Collection entries:
────────

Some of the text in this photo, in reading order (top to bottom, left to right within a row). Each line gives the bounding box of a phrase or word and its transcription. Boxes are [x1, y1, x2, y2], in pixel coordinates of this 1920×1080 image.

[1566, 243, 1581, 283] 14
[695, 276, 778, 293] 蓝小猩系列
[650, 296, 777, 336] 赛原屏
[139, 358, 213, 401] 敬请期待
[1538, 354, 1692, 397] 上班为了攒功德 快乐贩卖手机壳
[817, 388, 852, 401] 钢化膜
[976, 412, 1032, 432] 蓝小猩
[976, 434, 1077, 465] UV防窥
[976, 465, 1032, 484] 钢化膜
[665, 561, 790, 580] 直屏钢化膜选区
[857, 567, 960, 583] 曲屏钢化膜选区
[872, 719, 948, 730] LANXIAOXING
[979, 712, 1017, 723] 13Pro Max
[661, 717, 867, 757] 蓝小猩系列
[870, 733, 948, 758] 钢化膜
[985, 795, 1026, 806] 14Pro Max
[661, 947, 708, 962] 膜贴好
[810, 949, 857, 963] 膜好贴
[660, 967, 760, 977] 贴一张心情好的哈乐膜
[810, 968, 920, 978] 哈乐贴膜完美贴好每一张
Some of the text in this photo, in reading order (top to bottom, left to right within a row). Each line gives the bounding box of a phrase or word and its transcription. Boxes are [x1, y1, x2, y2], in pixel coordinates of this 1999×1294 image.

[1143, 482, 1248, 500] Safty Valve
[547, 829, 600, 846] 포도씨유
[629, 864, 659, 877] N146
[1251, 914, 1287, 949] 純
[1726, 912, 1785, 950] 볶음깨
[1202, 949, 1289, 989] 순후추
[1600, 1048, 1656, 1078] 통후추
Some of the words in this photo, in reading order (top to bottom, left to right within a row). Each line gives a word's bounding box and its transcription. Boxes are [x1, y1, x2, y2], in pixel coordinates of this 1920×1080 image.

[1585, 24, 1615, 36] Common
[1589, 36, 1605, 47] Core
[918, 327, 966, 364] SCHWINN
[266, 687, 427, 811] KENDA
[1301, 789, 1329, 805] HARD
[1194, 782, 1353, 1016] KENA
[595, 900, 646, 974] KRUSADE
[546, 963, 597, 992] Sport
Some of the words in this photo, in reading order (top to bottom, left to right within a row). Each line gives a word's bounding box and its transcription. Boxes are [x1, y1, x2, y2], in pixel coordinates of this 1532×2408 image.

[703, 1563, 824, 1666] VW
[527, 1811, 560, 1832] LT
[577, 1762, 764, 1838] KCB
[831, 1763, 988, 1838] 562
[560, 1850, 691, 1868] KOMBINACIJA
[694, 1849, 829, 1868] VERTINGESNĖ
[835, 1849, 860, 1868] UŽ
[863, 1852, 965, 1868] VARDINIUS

────────

> [EXERCISE DIRECTIONS]: Output all of the records above unchanged.

> [ANSWER FOR THIS EXERCISE]:
Some of the text in this photo, in reading order (top to bottom, left to right within a row). Each line gives the bounding box of a phrase or word and its transcription. Boxes are [x1, y1, x2, y2], in pixel coordinates of this 1920×1080 image.

[1566, 243, 1581, 283] 14
[695, 276, 778, 293] 蓝小猩系列
[650, 296, 777, 336] 赛原屏
[139, 358, 213, 401] 敬请期待
[1538, 354, 1692, 397] 上班为了攒功德 快乐贩卖手机壳
[817, 388, 852, 401] 钢化膜
[976, 412, 1032, 432] 蓝小猩
[976, 434, 1077, 465] UV防窥
[976, 465, 1032, 484] 钢化膜
[665, 561, 790, 580] 直屏钢化膜选区
[857, 567, 960, 583] 曲屏钢化膜选区
[872, 719, 948, 730] LANXIAOXING
[979, 712, 1017, 723] 13Pro Max
[661, 717, 867, 757] 蓝小猩系列
[870, 733, 948, 758] 钢化膜
[985, 795, 1026, 806] 14Pro Max
[661, 947, 708, 962] 膜贴好
[810, 949, 857, 963] 膜好贴
[660, 967, 760, 977] 贴一张心情好的哈乐膜
[810, 968, 920, 978] 哈乐贴膜完美贴好每一张
Some of the text in this photo, in reading order (top to bottom, left to right within a row). Each line gives the bounding box of a phrase or word and its transcription. Boxes are [x1, y1, x2, y2], in pixel coordinates of this 1999×1294 image.

[1143, 482, 1248, 500] Safty Valve
[547, 829, 600, 846] 포도씨유
[629, 864, 659, 877] N146
[1251, 914, 1287, 949] 純
[1726, 912, 1785, 950] 볶음깨
[1202, 949, 1289, 989] 순후추
[1600, 1048, 1656, 1078] 통후추
Some of the words in this photo, in reading order (top to bottom, left to right within a row). Each line gives a word's bounding box and its transcription. Boxes are [x1, y1, x2, y2], in pixel coordinates of this 1920×1080 image.

[1585, 24, 1615, 36] Common
[1589, 36, 1605, 47] Core
[918, 327, 966, 364] SCHWINN
[266, 687, 427, 811] KENDA
[1301, 789, 1329, 805] HARD
[1194, 782, 1353, 1016] KENA
[595, 900, 646, 974] KRUSADE
[546, 963, 597, 992] Sport
Some of the words in this photo, in reading order (top to bottom, left to right within a row). Each line gives a word's bounding box and its transcription. Boxes are [x1, y1, x2, y2], in pixel coordinates of this 1532×2408 image.

[703, 1563, 824, 1666] VW
[527, 1811, 560, 1832] LT
[577, 1762, 764, 1838] KCB
[831, 1763, 988, 1838] 562
[560, 1850, 691, 1868] KOMBINACIJA
[694, 1849, 829, 1868] VERTINGESNĖ
[835, 1849, 860, 1868] UŽ
[863, 1852, 965, 1868] VARDINIUS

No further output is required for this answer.